Township in Ohio, US

Adams Township is one of the twenty-five townships of Muskingum County, Ohio, United States. The 2020 census found 619 people in the township.

==Geography==
Located on the northern edge of the county, it borders the following townships:
- Franklin Township, Coshocton County - north
- Linton Township, Coshocton County - northeast corner
- Monroe Township - east
- Highland Township - southeast corner
- Salem Township - south
- Madison Township - west
- Cass Township - northwest, south of Virginia Township
- Virginia Township, Coshocton County - northwest corner

No municipalities are located in Adams Township.

==Name and history==
Adams Township was named for John Quincy Adams, 6th President of the United States. It is one of ten Adams Townships statewide.

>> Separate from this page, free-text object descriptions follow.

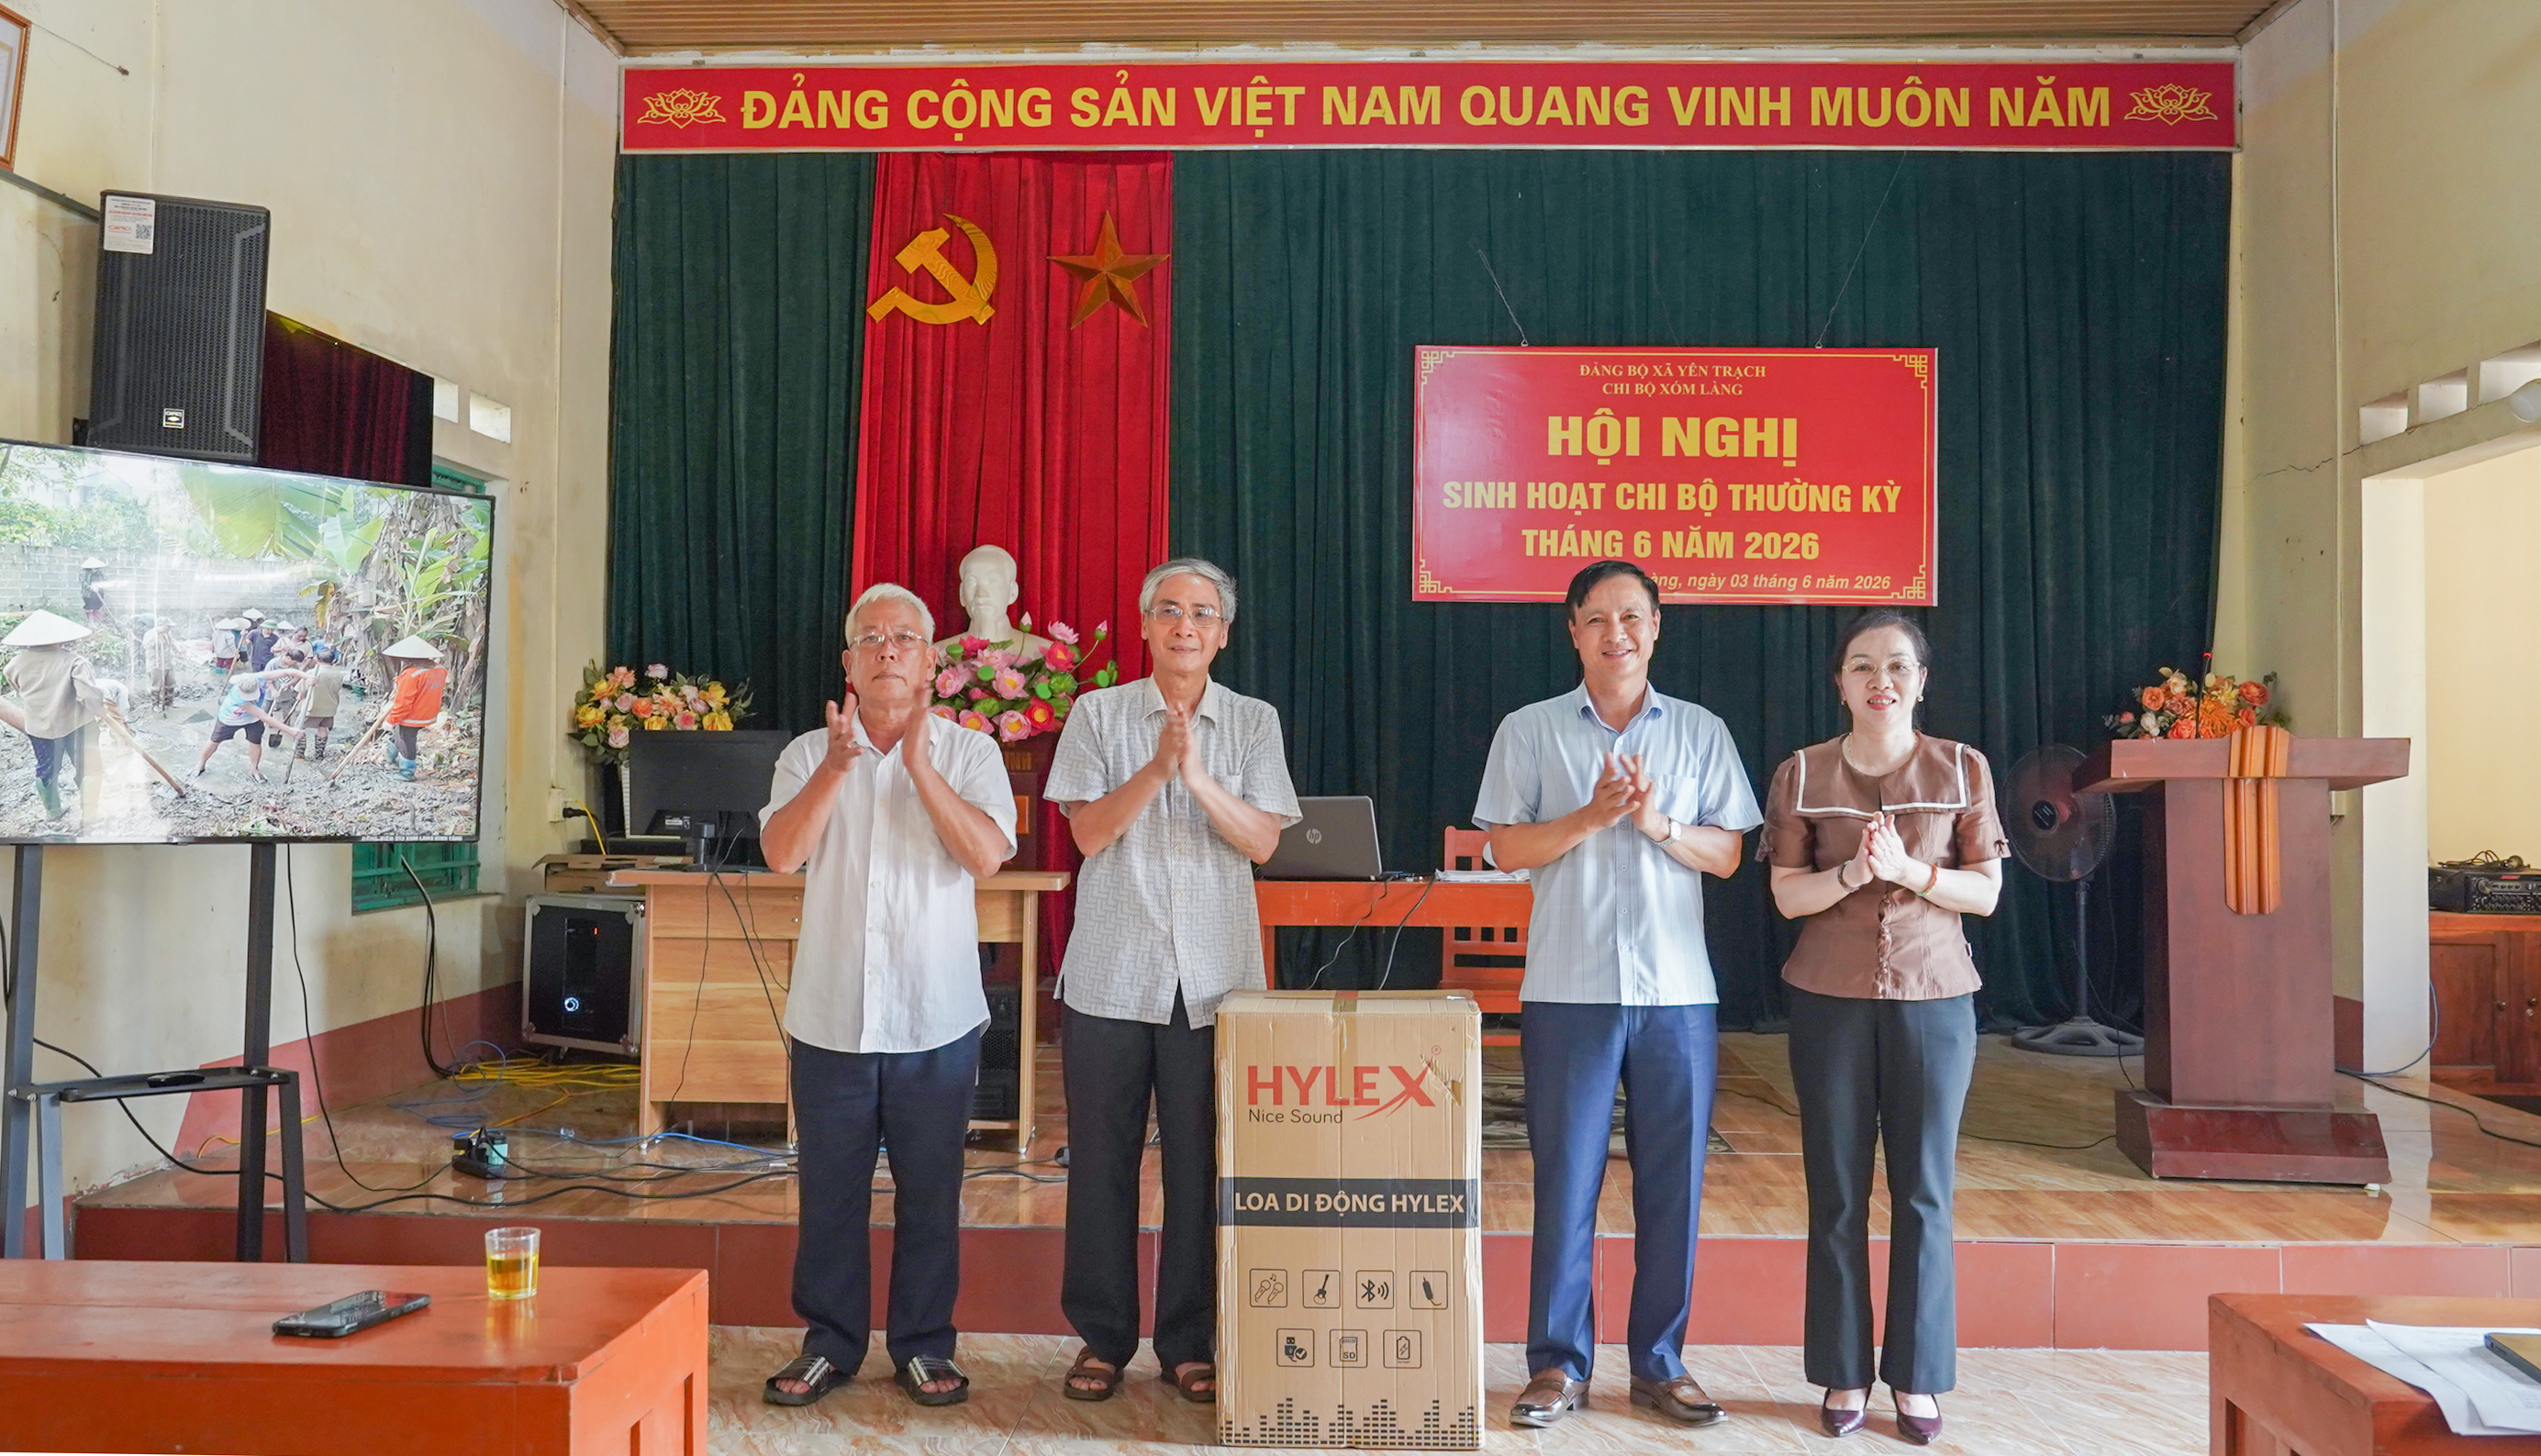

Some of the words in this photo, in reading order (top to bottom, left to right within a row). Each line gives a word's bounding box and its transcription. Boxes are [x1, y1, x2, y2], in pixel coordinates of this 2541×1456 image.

[741, 73, 889, 130] ĐẢNG
[907, 79, 1053, 142] CỘNG
[1070, 70, 1177, 128] SẢN
[1194, 75, 1307, 139] VIỆT
[1322, 85, 1442, 127] NAM
[1460, 85, 1650, 128] QUANG
[1667, 86, 1792, 127] VINH
[1811, 76, 1971, 128] MUÔN
[1989, 76, 2111, 128] NĂM
[1579, 361, 1623, 377] ĐẢNG
[1628, 363, 1649, 380] BỘ
[1653, 363, 1674, 377] XÃ
[1677, 362, 1709, 377] YÊN
[1712, 365, 1766, 380] TRẠCH
[1602, 383, 1630, 395] CHI
[1635, 381, 1656, 398] BỘ
[1659, 381, 1696, 395] XÓM
[1700, 381, 1744, 396] LÀNG
[1548, 407, 1641, 466] HỘI
[1663, 417, 1798, 468] NGHỊ
[1443, 481, 1517, 510] SINH
[1527, 483, 1607, 517] HOẠT
[1616, 483, 1667, 511] CHI
[1677, 478, 1719, 517] BỘ
[1728, 478, 1852, 514] THƯỜNG
[1862, 479, 1902, 514] KỲ
[1522, 524, 1624, 558] THÁNG
[1634, 531, 1653, 559] 6
[1663, 525, 1734, 560] NĂM
[1744, 532, 1821, 561] 2026
[1651, 572, 1683, 590] àng,
[1687, 573, 1727, 592] ngày
[1730, 574, 1749, 588] 03
[1753, 574, 1798, 592] tháng
[1801, 575, 1812, 589] 6
[1816, 574, 1850, 589] năm
[1853, 576, 1892, 590] 2026
[1247, 1063, 1436, 1109] HYLEX
[1249, 1109, 1284, 1124] Nice
[1290, 1108, 1343, 1125] Sound
[1235, 1192, 1280, 1212] LOA
[1286, 1193, 1310, 1212] DI
[1315, 1190, 1386, 1217] ĐỘNG
[1391, 1194, 1465, 1214] HYLEX
[1343, 1351, 1356, 1360] SD
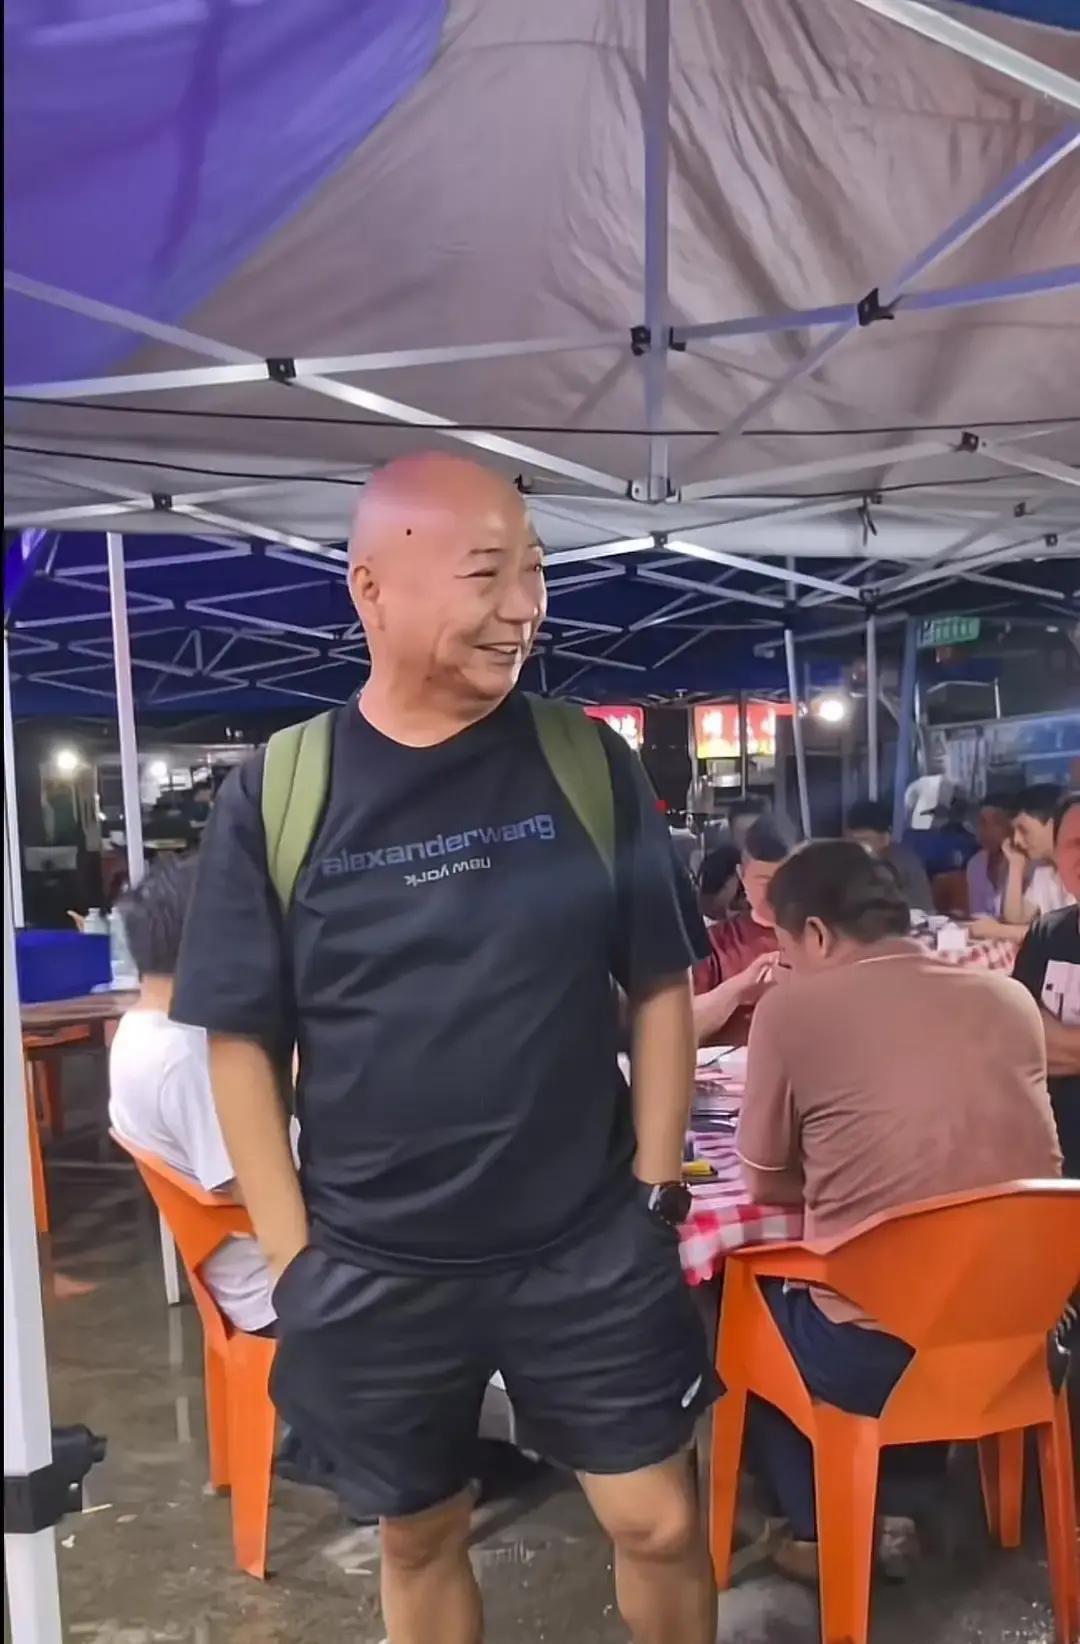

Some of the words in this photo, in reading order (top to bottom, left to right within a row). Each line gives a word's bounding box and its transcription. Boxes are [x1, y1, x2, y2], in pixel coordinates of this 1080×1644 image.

[321, 814, 556, 876] alexanderwang
[403, 862, 450, 887] york
[452, 856, 491, 874] new
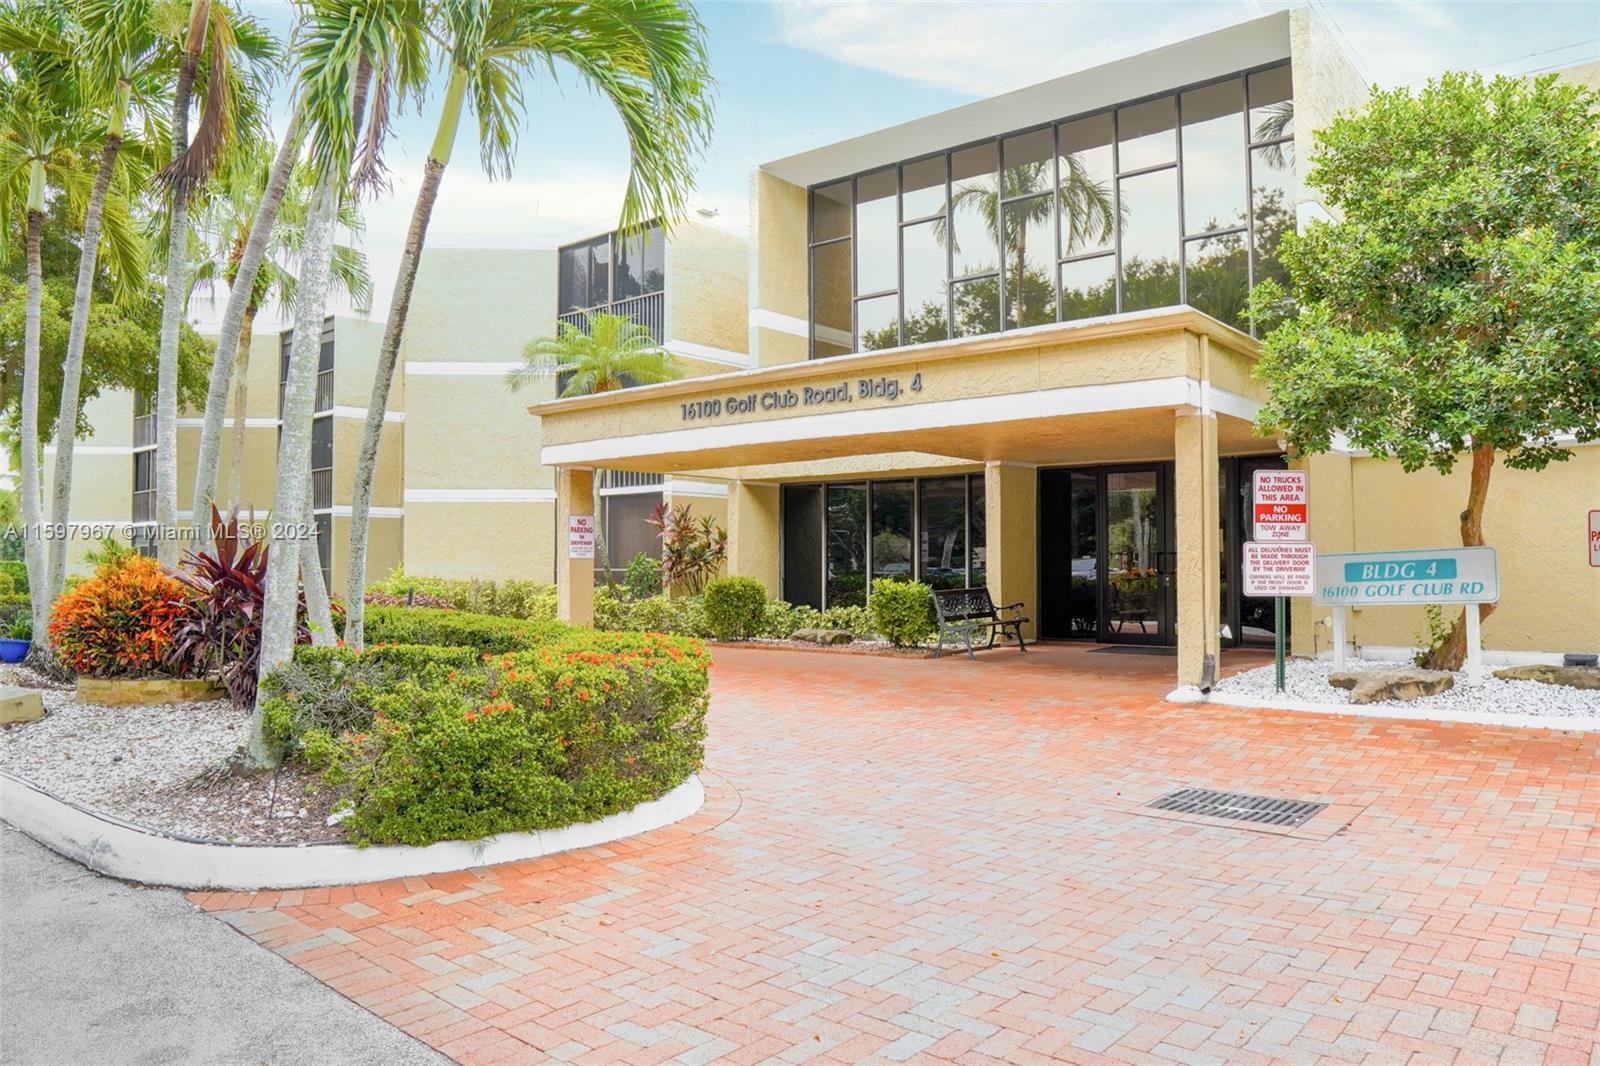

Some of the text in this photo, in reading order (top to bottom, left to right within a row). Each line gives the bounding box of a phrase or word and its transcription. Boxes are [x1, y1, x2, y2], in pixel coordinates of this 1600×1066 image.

[681, 373, 923, 420] 16100 Golf Club Road, Bldg. 4
[1260, 476, 1301, 484] NO TRUCKS
[1273, 505, 1288, 513] NO
[1260, 513, 1302, 522] PARKING
[1362, 561, 1437, 580] BLDG 4
[1322, 581, 1484, 599] 16100 GOLF CLUB RD

By the 1830s, Adams Township had two mills and a church.

==Government==
The township is governed by a three-member board of trustees, who are elected in November of odd-numbered years to a four-year term beginning on the following January 1. Two are elected in the year after the presidential election and one is elected in the year before it. There is also an elected township fiscal officer, who serves a four-year term beginning on April 1 of the year after the election, which is held in November of the year before the presidential election. Vacancies in the fiscal officership or on the board of trustees are filled by the remaining trustees.